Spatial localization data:
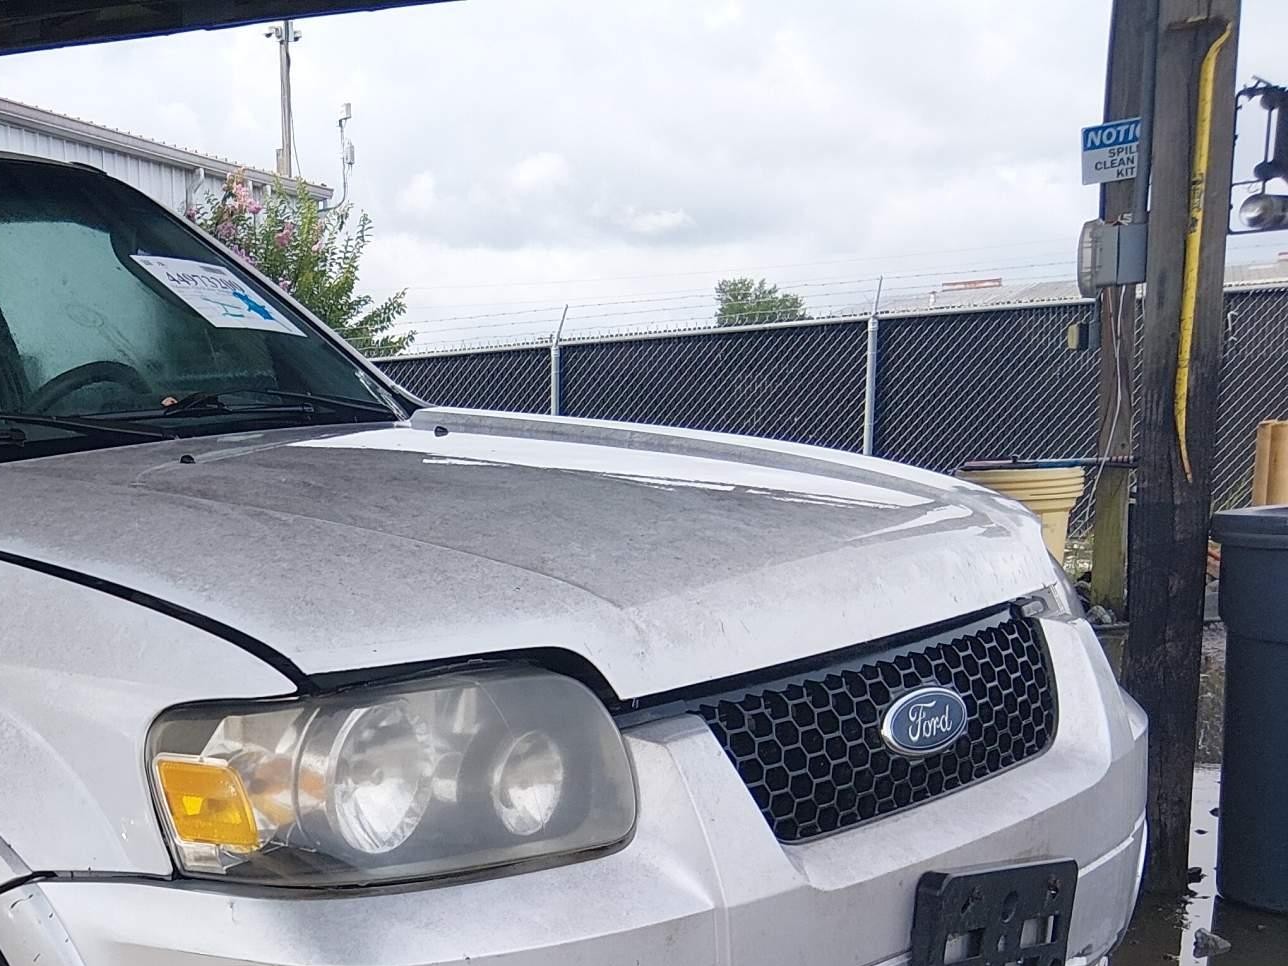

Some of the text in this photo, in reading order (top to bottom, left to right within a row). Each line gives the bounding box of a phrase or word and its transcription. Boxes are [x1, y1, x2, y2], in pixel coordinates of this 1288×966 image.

[1108, 145, 1138, 158] SPIL
[1094, 155, 1135, 172] CLEAN
[1116, 166, 1135, 179] KIT
[908, 700, 953, 742] Ford
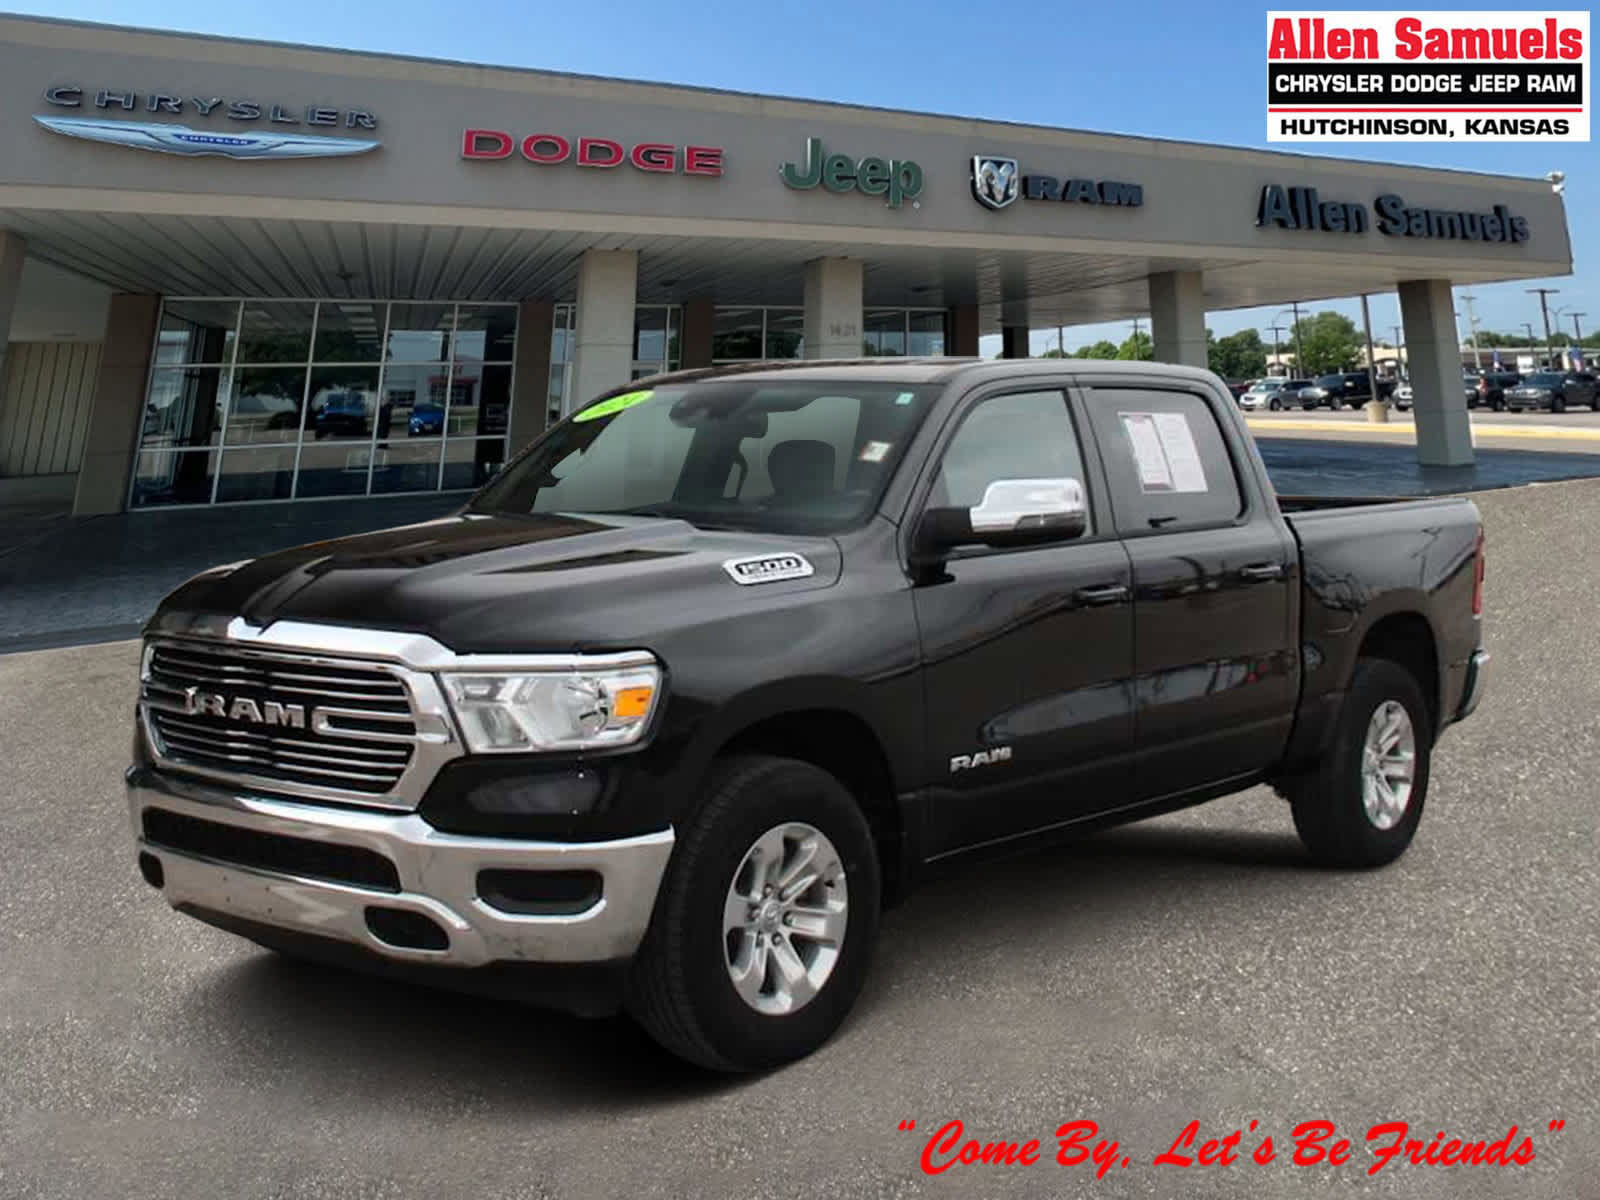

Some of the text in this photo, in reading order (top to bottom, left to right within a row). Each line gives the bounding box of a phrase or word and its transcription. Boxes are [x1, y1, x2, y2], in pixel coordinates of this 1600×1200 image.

EXERCISE: All entries above are to be restated exactly, with every image omitted.

YOUR SOLUTION:
Some of the text in this photo, in reading order (top to bottom, left to right within a row). Each line gives the bounding box of a phrase or word and its transcription. Boxes are [x1, y1, x2, y2], in pixel coordinates of this 1288×966 image.

[1108, 145, 1138, 158] SPIL
[1094, 155, 1135, 172] CLEAN
[1116, 166, 1135, 179] KIT
[908, 700, 953, 742] Ford

Some of the text in this photo, in reading order (top to bottom, left to right within a row). Each line gives the bounding box of a phrase or word and its transcription. Boxes are [x1, y1, x2, y2], in pixel coordinates of this 1600×1200 image.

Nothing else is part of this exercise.